昔話の英語《福娘童話集》昔話の英語 日本語昔話の英語《福娘童話集》 童話・昔話・おとぎ話の福娘童話集
 


ふくむすめどうわしゅう > がいこくご (にほんご) > にほんのむかしばなし

二人の幽霊

ふたり の ゆうれい

(にほんのむかしばなし)

♪Reading in Japanese
音声 『Web団 零点』



にほんご ←→ にほんご & えいご ←→ えいご

 むかしむかし、ある まち に、いろじろ で きのよわい、しんべい と いう さむらい が いました。

 ゆみ も かたな も だめ で、なかま からは こしぬけ よばわり されていました。

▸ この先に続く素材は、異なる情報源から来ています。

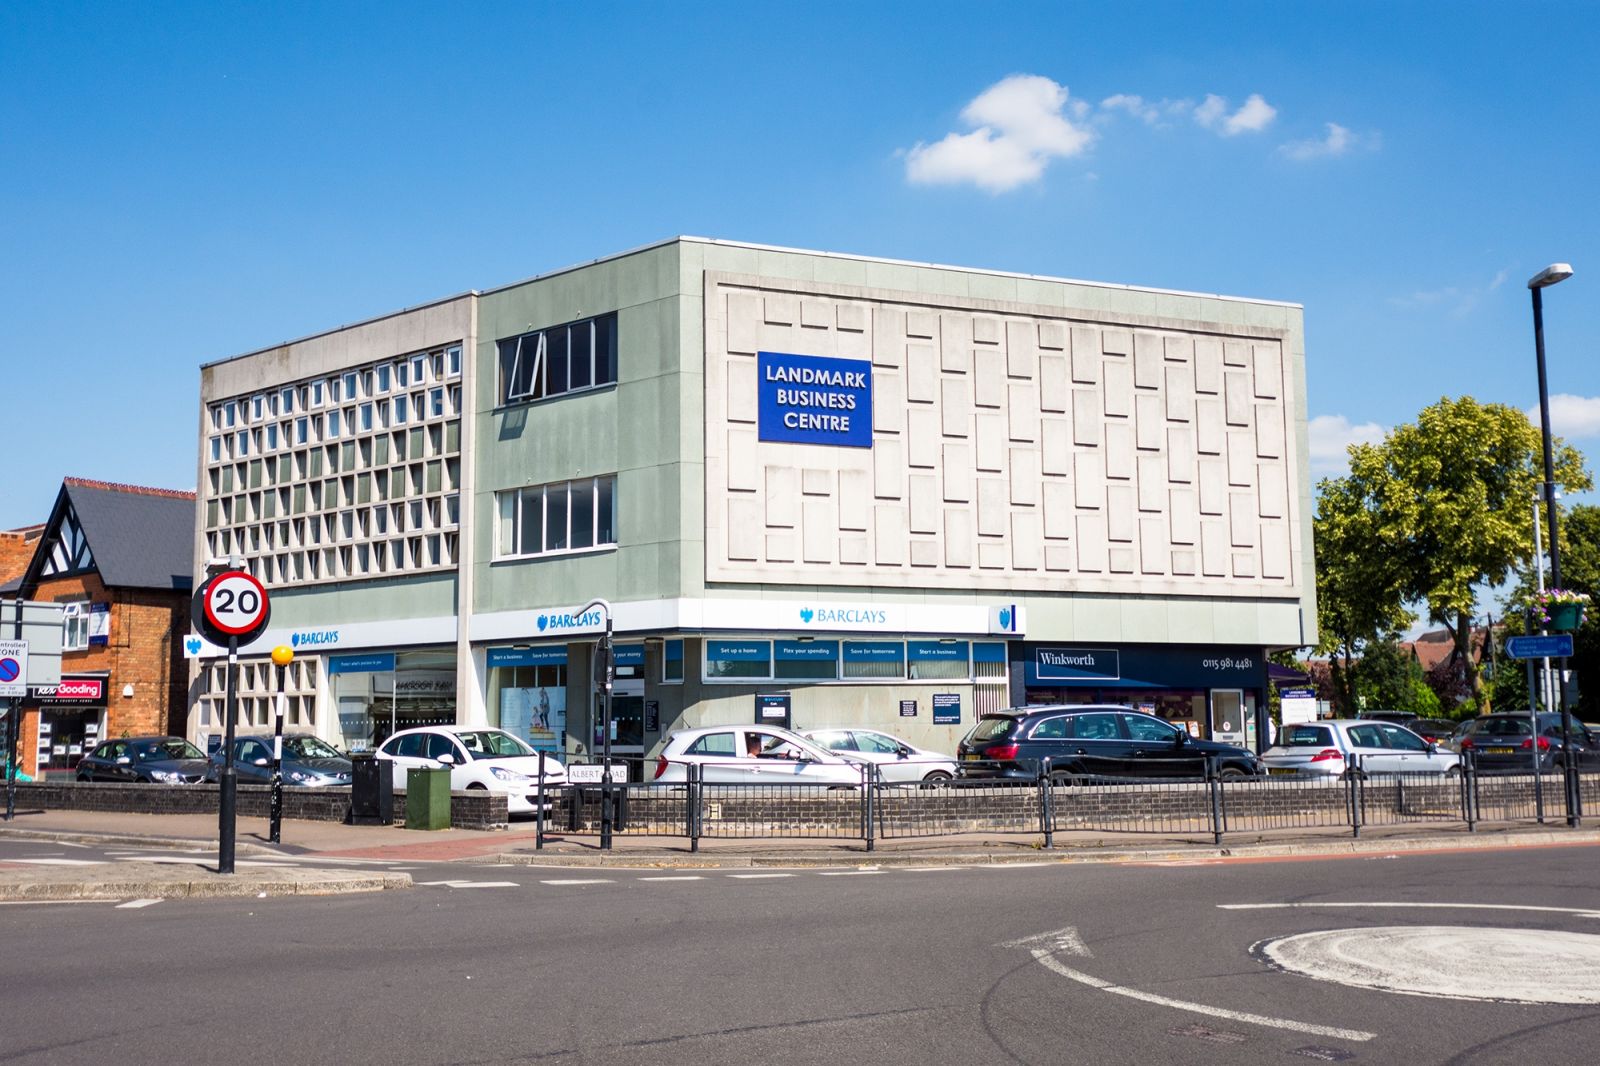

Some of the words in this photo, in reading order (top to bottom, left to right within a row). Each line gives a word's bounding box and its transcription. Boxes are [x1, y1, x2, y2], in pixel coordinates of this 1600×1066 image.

 さて この まち に、もと は まちいちばん の ちょうじゃやしき だった の ですが、

 いま は あれはてて ゆうれい が でる との うわさ の やしき が ありました。



 ある ひ、なかま の さむらいたち から、

「どんな に つよい さむらい でも、ひとばん と おれん と いうぞ。

 おぬし なんか、もん を くぐる こと さえ も できまい。あはははははっ」

と、ばか に された しんべい は、

「そこまで いわれて は、なに が なん でも とまって やるわ!」

と、いえ に かえって はらごしらえ を すると、おっかなびっくり ゆうれいやしき へ でかけて いきました。

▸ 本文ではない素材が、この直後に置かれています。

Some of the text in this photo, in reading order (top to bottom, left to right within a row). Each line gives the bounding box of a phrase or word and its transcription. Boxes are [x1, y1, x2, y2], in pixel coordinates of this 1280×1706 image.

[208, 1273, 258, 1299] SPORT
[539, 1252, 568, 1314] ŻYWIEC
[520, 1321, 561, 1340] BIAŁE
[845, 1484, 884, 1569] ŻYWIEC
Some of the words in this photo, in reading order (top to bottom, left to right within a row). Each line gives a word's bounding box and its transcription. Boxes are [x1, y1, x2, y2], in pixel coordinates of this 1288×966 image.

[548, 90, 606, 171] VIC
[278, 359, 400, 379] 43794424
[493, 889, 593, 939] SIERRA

 くさ が ぼうぼう の にわ に はいっていく と、さっそく ひとだま が にし と ひがし から ひとつ ずつ、すすーっ と とんで きました。

「うひゃーっ、ひとだま が ふたつ も!」

 しんべい は にげだしたい のを がまん して、おそるおそる やしき に はいりました。

 やがて、ろうそく の ひ が ひとゆれ した かと おもう と、

「うらめしやあ・・・」

と、かみ の ながい おんな の ゆうれい が、ぎん の おかね の はいった はこ を だいて あらわれました。

「で、でたー!」

 しんべい が ふるえあがり ながら も なんとか こらえて いると、カギ を て に した おとこ の ゆうれい も あらわれ ました。

 だんじょ の ゆうれい が いっしょ に でてくる なんて、よほど の わけ が あるのでしょう。

 しんべい が おもいきって、わけ を きいてみると、

「わたしたち ふたり は、この やしき で はたらいていた もの どうし です。

 けっこん の やくそく を した の ですが、しゅじん が それ を ゆるして くれません」

と、おとこ の ゆうれい が かたり はじめました。

「そこで やしき の おかね を もちだして、よそ の まち へ にげて くらそう と したのですが、

 しゅじん に みつかってしまい、ふたり とも きりころされて しまいました。

 そして べつべつ の ところ に うめられ、いま も そのまま なのです。

 わたしたち は その うらみ から、やしき の しゅじん に たたって やりました が、いまだ に じょうぶつ できません。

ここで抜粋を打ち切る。